WORK ITEM - Set down all of the entries below word for word, with the pictures left out.

Free-text object descriptions -
#####

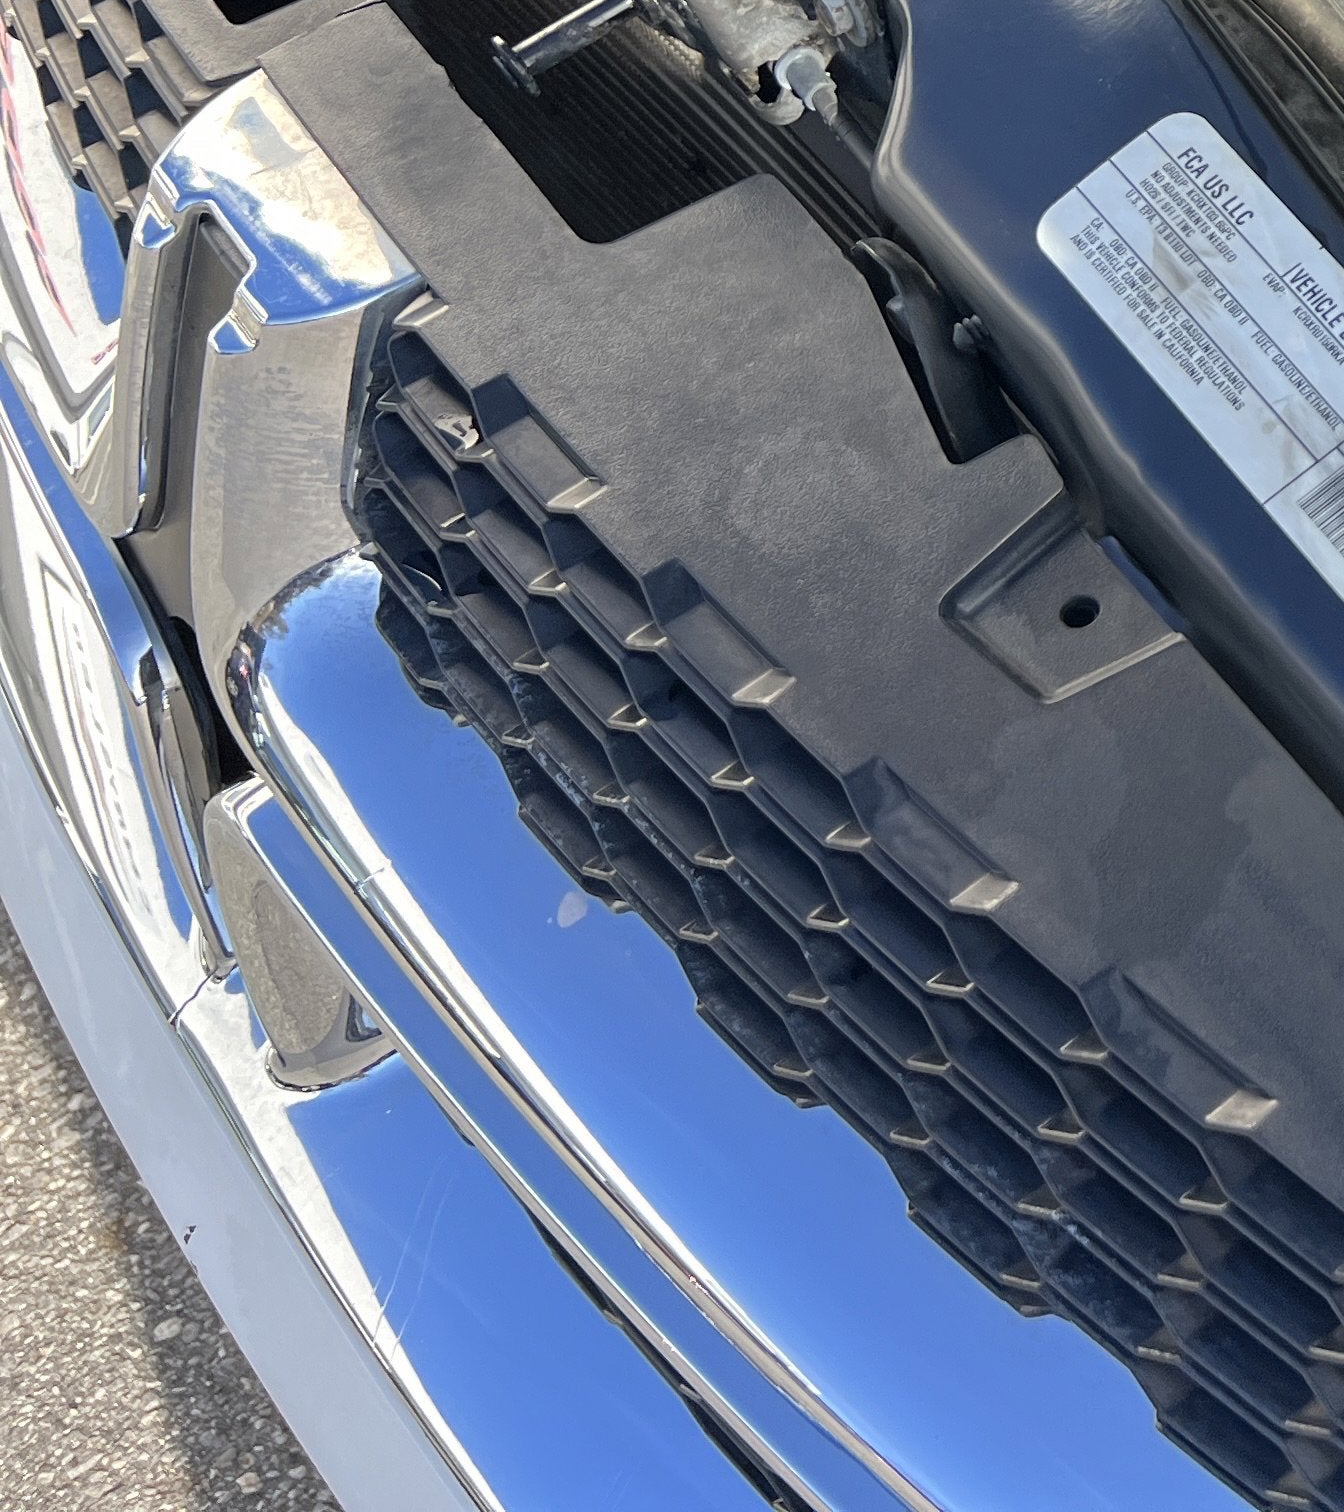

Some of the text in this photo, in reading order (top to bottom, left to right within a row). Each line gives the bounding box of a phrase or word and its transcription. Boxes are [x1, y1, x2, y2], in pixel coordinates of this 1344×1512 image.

[1149, 169, 1237, 264] NO ADJUSTMENTS NEEDED
[1161, 161, 1190, 191] GROUP:
[1261, 271, 1287, 298] EVAP:
[1175, 218, 1195, 238] TWC
[1176, 146, 1211, 179] FCA
[1202, 173, 1230, 200] US
[1222, 195, 1255, 227] LLC
[1069, 232, 1206, 386] AND IS CERTIFIED FOR SALE IN CALIFORNIA
[1079, 224, 1246, 412] THIS VEHICLE CONFORMS TO FEDERAL REGULATIONS
[1088, 216, 1105, 232] CA:
[1107, 237, 1129, 260] OBD:
[1123, 255, 1139, 270] CA
[1133, 266, 1153, 286] OBD
[1159, 295, 1184, 321] FUEL:
[1177, 317, 1249, 395] GASOLINE/ETHANOL
[1124, 188, 1143, 207] U.S.
[1138, 204, 1158, 225] EPA:
[1154, 222, 1168, 235] T3
[1179, 249, 1197, 267] LDT
[1196, 268, 1218, 291] OBD:
[1213, 287, 1228, 302] CA
[1222, 298, 1242, 319] OBD
[1250, 329, 1276, 357] FUEL:
[1269, 352, 1343, 431] GASOLINE/ETHANOL

#####

YOUR SOLUTION -
Some of the text in this photo, in reading order (top to bottom, left to right within a row). Each line gives the bounding box of a phrase or word and its transcription. Boxes are [x1, y1, x2, y2], in pixel coordinates of this 1344×1512 image.

[1149, 169, 1237, 264] NO ADJUSTMENTS NEEDED
[1161, 161, 1190, 191] GROUP:
[1261, 271, 1287, 298] EVAP:
[1175, 218, 1195, 238] TWC
[1176, 146, 1211, 179] FCA
[1202, 173, 1230, 200] US
[1222, 195, 1255, 227] LLC
[1069, 232, 1206, 386] AND IS CERTIFIED FOR SALE IN CALIFORNIA
[1079, 224, 1246, 412] THIS VEHICLE CONFORMS TO FEDERAL REGULATIONS
[1088, 216, 1105, 232] CA:
[1107, 237, 1129, 260] OBD:
[1123, 255, 1139, 270] CA
[1133, 266, 1153, 286] OBD
[1159, 295, 1184, 321] FUEL:
[1177, 317, 1249, 395] GASOLINE/ETHANOL
[1124, 188, 1143, 207] U.S.
[1138, 204, 1158, 225] EPA:
[1154, 222, 1168, 235] T3
[1179, 249, 1197, 267] LDT
[1196, 268, 1218, 291] OBD:
[1213, 287, 1228, 302] CA
[1222, 298, 1242, 319] OBD
[1250, 329, 1276, 357] FUEL:
[1269, 352, 1343, 431] GASOLINE/ETHANOL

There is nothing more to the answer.